たとえば、航空会社の場合(EU Directive の時、真っ先に問題になったところです)。この「共同利用」がないと、非常に煩雑なことになりかねない。もっとも、「共同利用」がどのようにして「本人が容易に知り得る状態に置く」状態になっているのか、積極的に調べていない私には分からない。私に分からないようでは、容易に知り得る状態には無いような気がするが…。

また、私は如水会という大学のOB会の「会員情報委員会」というところの委員をやっているが、ここで真っ先に問題になったのが、各種幹事(例:年級幹事=卒業年度ごとの幹事)への情報提供である。言うまでも無く、これら幹事は如水会員ではあっても、如水会に提供されたデータを彼らに渡してよいかどうかというのはグレーである。結局、これはこの「共同利用」を援用して問題を解決することとした。ただし、「容易に知り得る状態」としては、どのような状態にすべきかはまだ議論がある。全員がオンラインであればホームページに掲載するのでも問題なかろうが、そうでもないので、如水会報に告知するという形を取るのであろう。(このあたり、どうですかね?鶴巻さん!
同様にして、今後は独立行政法人化された一橋大学との間の情報の流通にも関係してくるだろう。これも、「共同利用者」として事前に告知したほうがよさそうだ。

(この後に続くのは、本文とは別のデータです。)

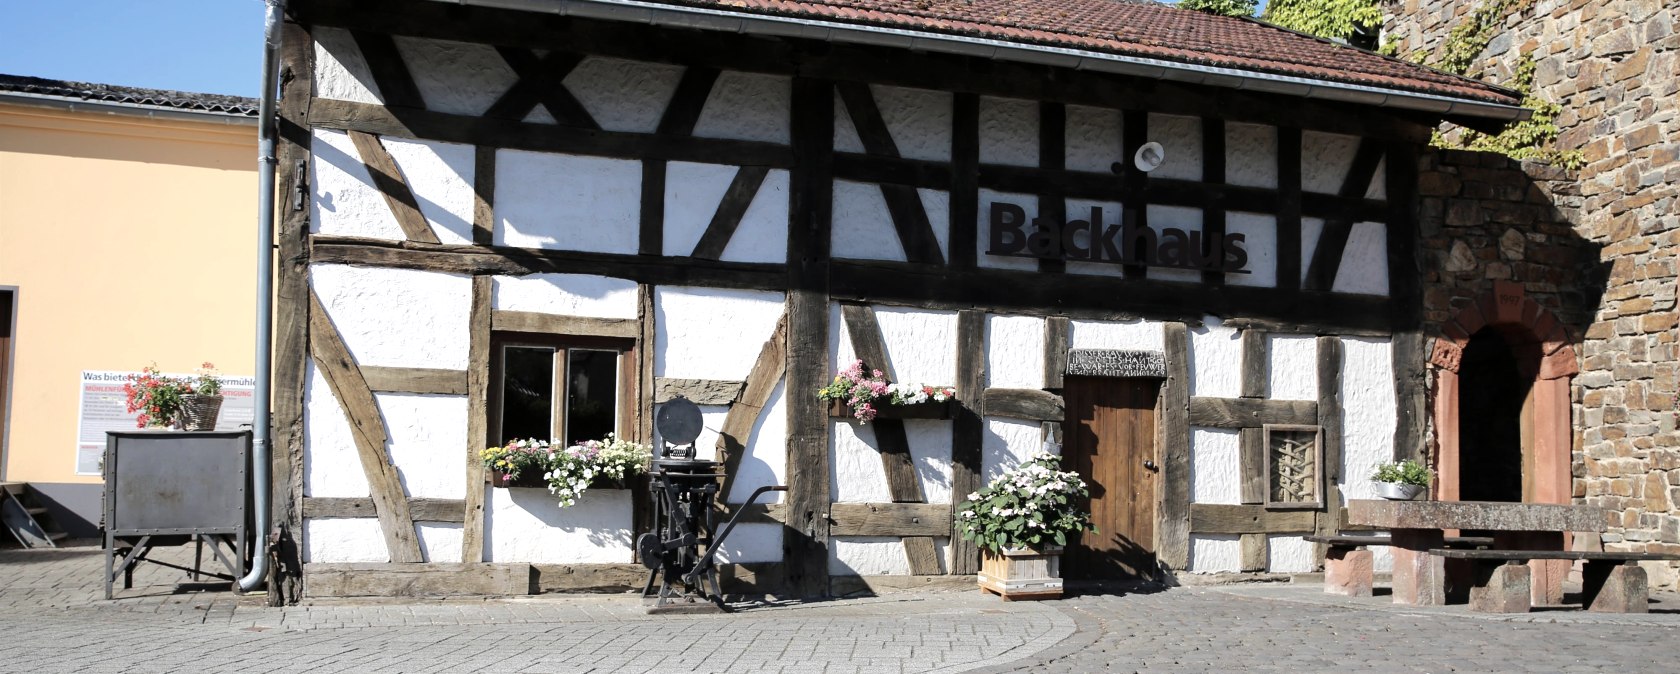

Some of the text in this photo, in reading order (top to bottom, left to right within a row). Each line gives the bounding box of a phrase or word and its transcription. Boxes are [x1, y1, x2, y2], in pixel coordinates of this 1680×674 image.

この法律とガイドライン自体に戻るが、容易に知り得る状態というのは結構曲者だ。

事例1)ウェブ画面中のトップページから1回程度の操作で到達できる場所への掲載等が継続的に行われていること。
事例2)事務所の窓口等への掲示、備付け等が継続的に行われていること。
事例3)広く頒布されている定期刊行物への定期的掲載を行っていること。
事例4)電子商取引において、商品を紹介するウェブ画面にリンク先を継続的に掲示すること。
(出典)個人情報保護法についての経済産業分野におけるガイドライン

如水会のような場合は上記事例1)〜3)で何ら問題ないであろうが、怪しげな業者の場合、上記のようなことをされても本人は「容易」には分からないであろう。Digital Identity がもっと確立していれば、明らかに楽になるのだが、まだ数年は先だ。この辺り、もっと良いアイディアがあれば良いのだが…。誰か、ありませんか?